Toda la mañana del 19 la pasó Prudencia en su casa, de limpieza y arreglo, ayudada por la criada de Vildósola, pues la suya había caído enferma de anginas. En la tienda, José María y un almacenero de Ripa trabajaban mañana y tarde, poniendo cada cosa en su sitio; que en los días del pánico, habiendo entregado los Arratias para las obras de la defensa gran cantidad de clavazón, alambre, barriles vacíos y otros objetos, sacáronlo precipitadamente, y todo quedó revuelto y confundido. Llegó Martín, aprovechando un rato que tenía libre, y les dijo: «Recójanme toda la clavazón que está esparcida por el suelo, separándome con cuidado los tres tamaños. Veremos si se pueden rehacer los paquetes deshechos. Y ya que se han bajado las pilas de cabos, yo las armaría en otra forma, de modo que estorbaran menos».

– Ha dicho Zoilo – indicó José María – que pusiéramos las pilas de cabos de mayor a menor, no formando cilindros, sino conos.

– No hagáis caso, y ponérmelo como estaba. Mi hermano entiende más que yo de cosas militares; pero en este tinglado sé yo más que él… Otra cosa os encargo: no me toquéis nada en el escritorio: aunque lo veáis todo revuelto, dejádmelo como está, que yo lo arreglaré.

– Zoilo es de parecer que se despeje un poco el escritorio, sacando a la tienda las chumaceras, los pasadores, las mallas y rasquetas, y dejando sólo el género de pesca.

– Realmente es más metódico… Ya lo arreglaremos así en otra ocasión.

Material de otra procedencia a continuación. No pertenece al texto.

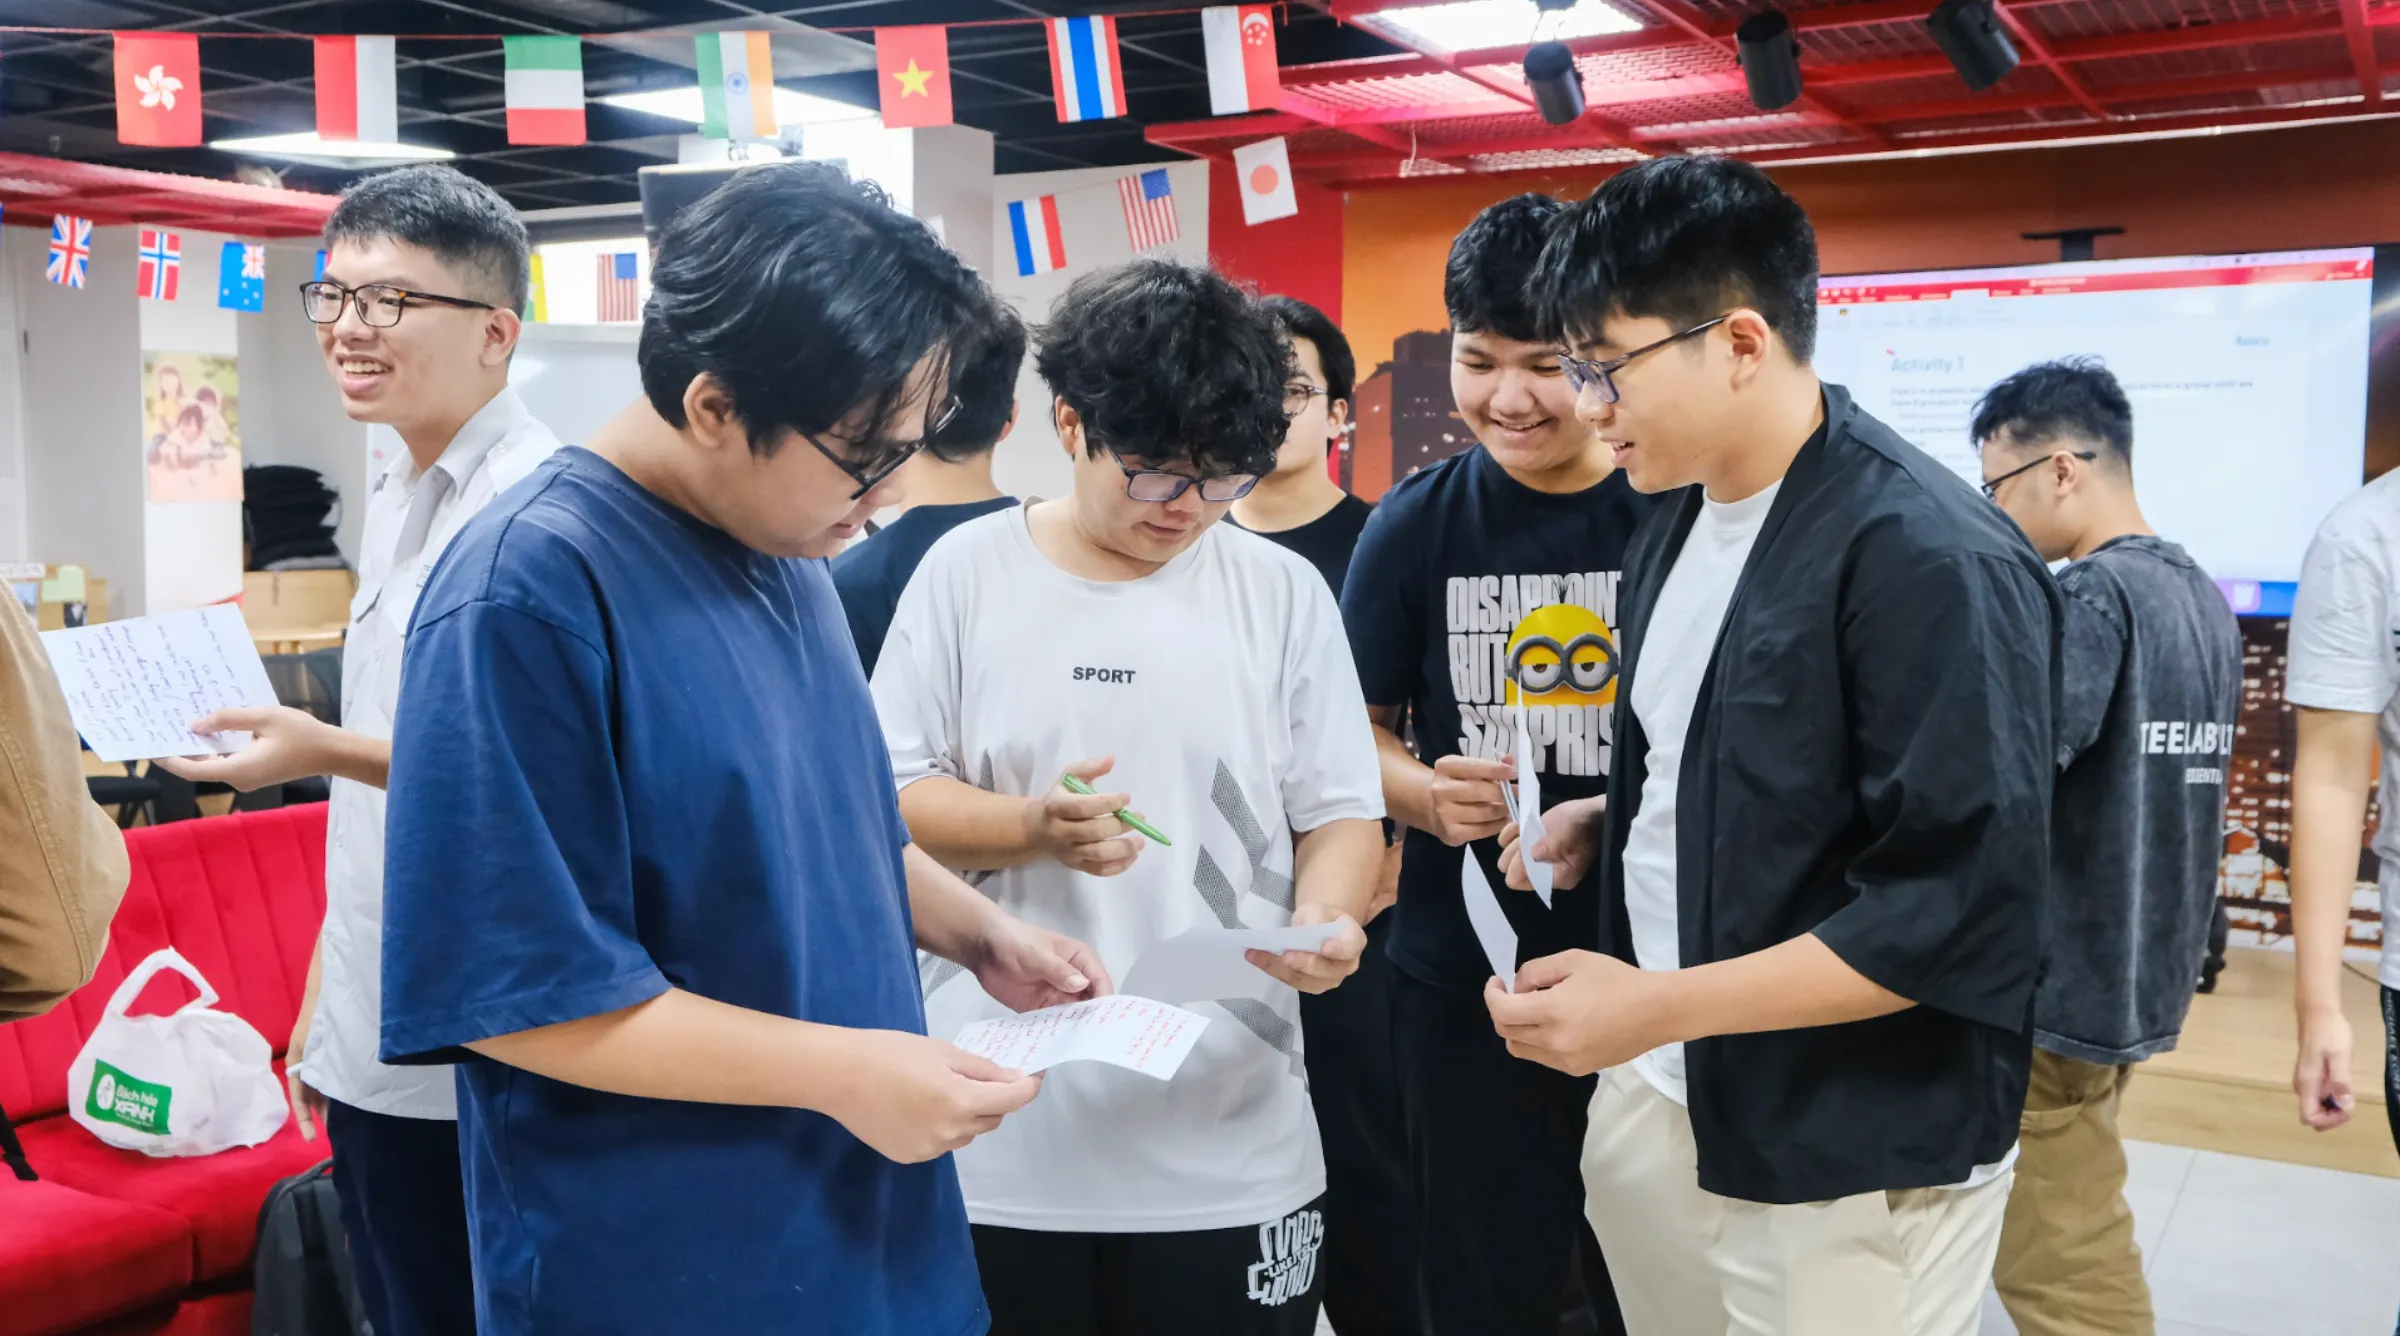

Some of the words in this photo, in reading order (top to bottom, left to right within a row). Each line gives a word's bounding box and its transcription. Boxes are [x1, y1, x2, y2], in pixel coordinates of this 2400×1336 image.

También deben quitarse de ahí los cáncamos y zunchos… Tiene razón mi hermano… En el escritorio no se cabe… Pero no toquéis nada por ahora… Temo que me desarregléis los libros, y que se deshagan los paquetes de cartas.

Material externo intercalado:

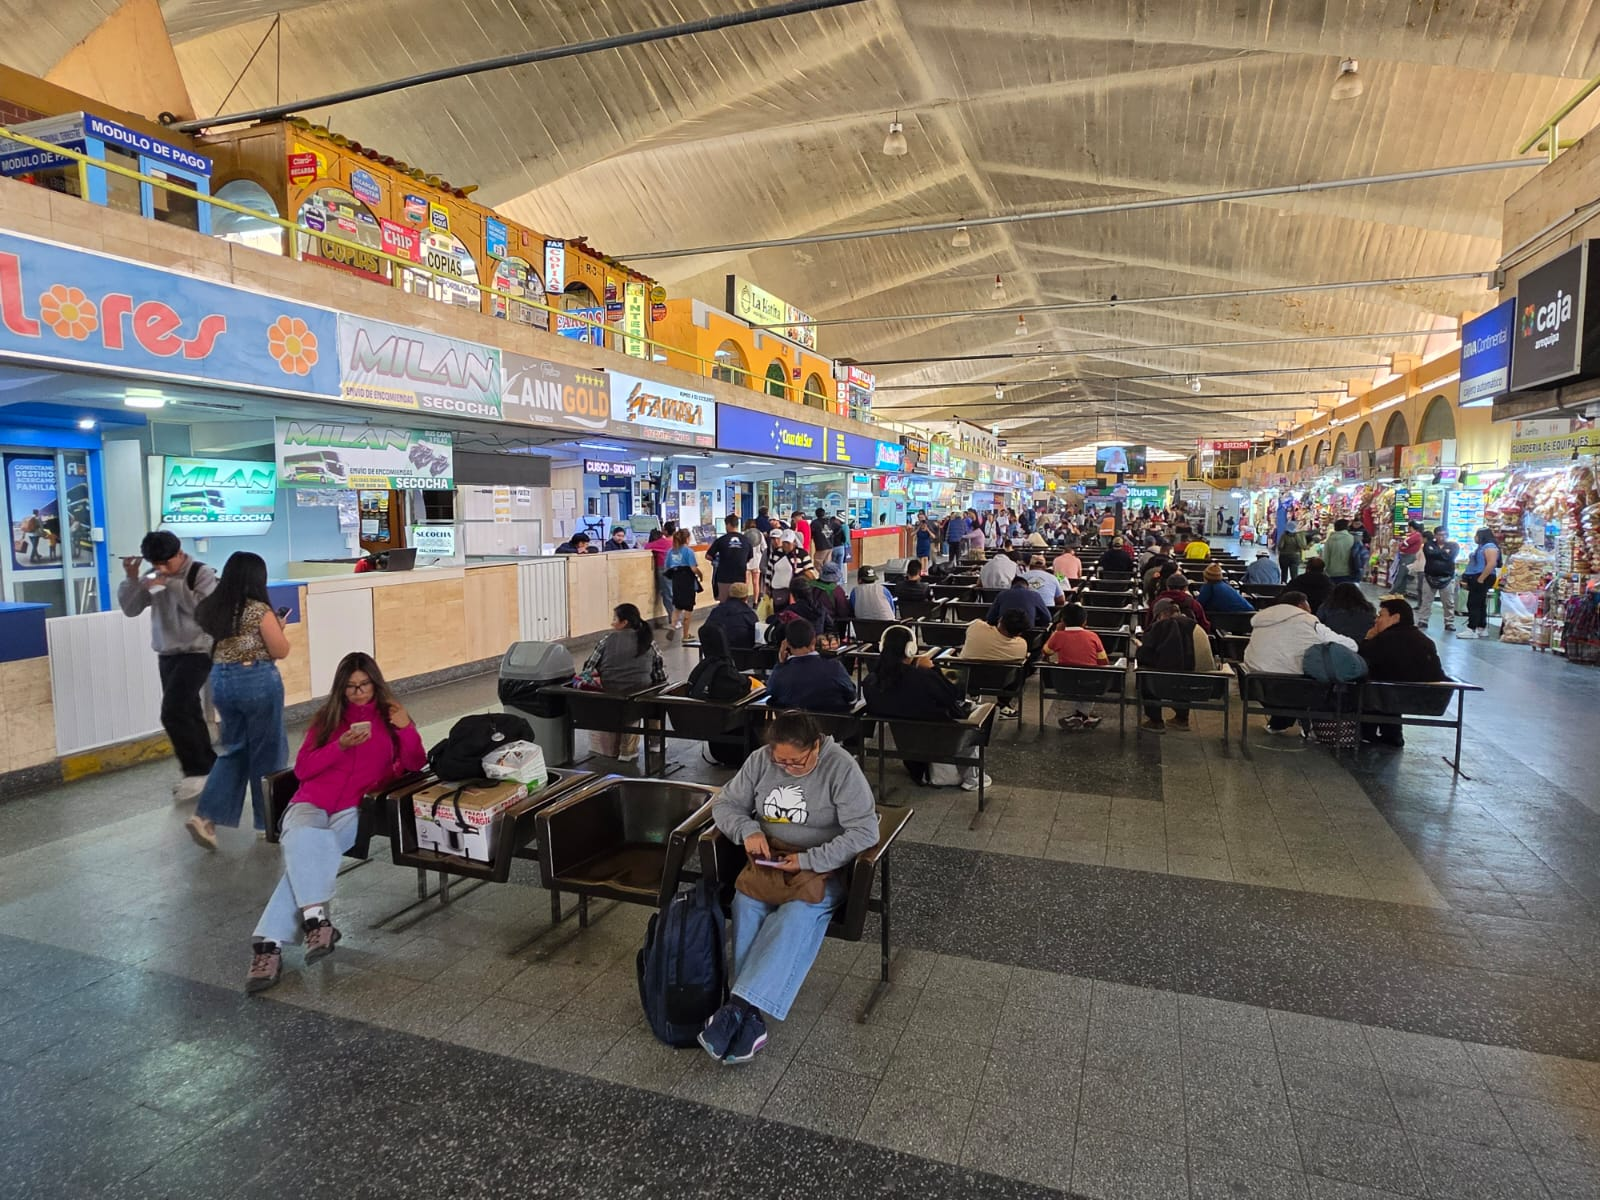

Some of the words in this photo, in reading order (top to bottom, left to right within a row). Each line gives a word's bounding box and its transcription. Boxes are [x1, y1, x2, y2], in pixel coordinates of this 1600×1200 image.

[91, 119, 150, 150] MODULO
[153, 142, 170, 158] DE
[172, 149, 206, 170] PAGO
[1, 154, 39, 172] MODULO
[41, 151, 54, 164] DE
[383, 230, 413, 251] CHIP
[546, 240, 564, 249] FAX
[320, 238, 379, 274] COPIAS
[427, 251, 462, 277] COPIAS
[549, 248, 561, 291] COPIAS
[1536, 289, 1573, 333] caja
[1477, 328, 1508, 353] Continental
[350, 328, 494, 393] MILAN
[365, 389, 373, 400] DE
[374, 390, 414, 405] ENCOMIENDAS
[422, 395, 500, 417] SECOCHA
[284, 421, 411, 452] MILAN
[1543, 441, 1551, 452] DE
[15, 470, 57, 478] DESTINO
[167, 464, 275, 489] MILAN
[586, 461, 610, 473] CUSCO
[613, 463, 636, 476] SICUANI
[395, 477, 449, 489] SECOCHA
[163, 514, 208, 523] CUSCO
[217, 513, 272, 522] SECOCHA

Ya se marchaba cuando bajó Prudencia, y llamándole aparte, le dijo: «Estoy afligidísima. Ildefonso cada día peor. Ahora su manía es que en cuanto entre Espartero nos vayamos a Francia en el primer barco que salga, llevándonos a la niña, naturalmente… Me temo que cuando se entere de nuestro plan pondrá el grito en el cielo, y yo… figúrate… No hay para mí mayor pena que contrariarle…».

– Pues desistamos, tía – dijo Martín con un sentimiento en que se confundían la timidez y la delicadeza. – No quiero que por mí haya desacuerdos y disgustos en la familia… Aplacemos, por lo menos, el asunto, con la esperanza de que el tiempo nos lo resuelva.

– Todo iría como la misma seda si esa loquilla entrara en razón y se hiciera cargo de lo que conviene a su felicidad.

– ¡Ay tía de mi corazón! – replicó Martín con tristeza, suspirando, – Aura no me quiere ni tanto así… vamos, yo no le gusto… Ante este hecho no hay más remedio que bajar la cabeza…

– Pues hay que saber gustar, caballerito; hay que matar el pavo y adquirir salero y gracia. Fuera yo hombre, y verías tú si sabía yo domar a una bestezuela bonita y respingona…

– ¿Pero qué puedo hacer yo, tía? – dijo el pobre miliciano apuradísimo, cruzándose de brazos. – Ordéneme usted lo que quiera, siempre que no me mande cosa contraria a la honradez.

– No, hijo, no te mando nada… Déjame; estoy loca… Vete a matar carlistas… que es lo único para que servís… Por vuestro bien trabajo: buena tonta soy… debiera ser egoísta y no importárseme nada… Anda, anda, que harás falta en otra parte.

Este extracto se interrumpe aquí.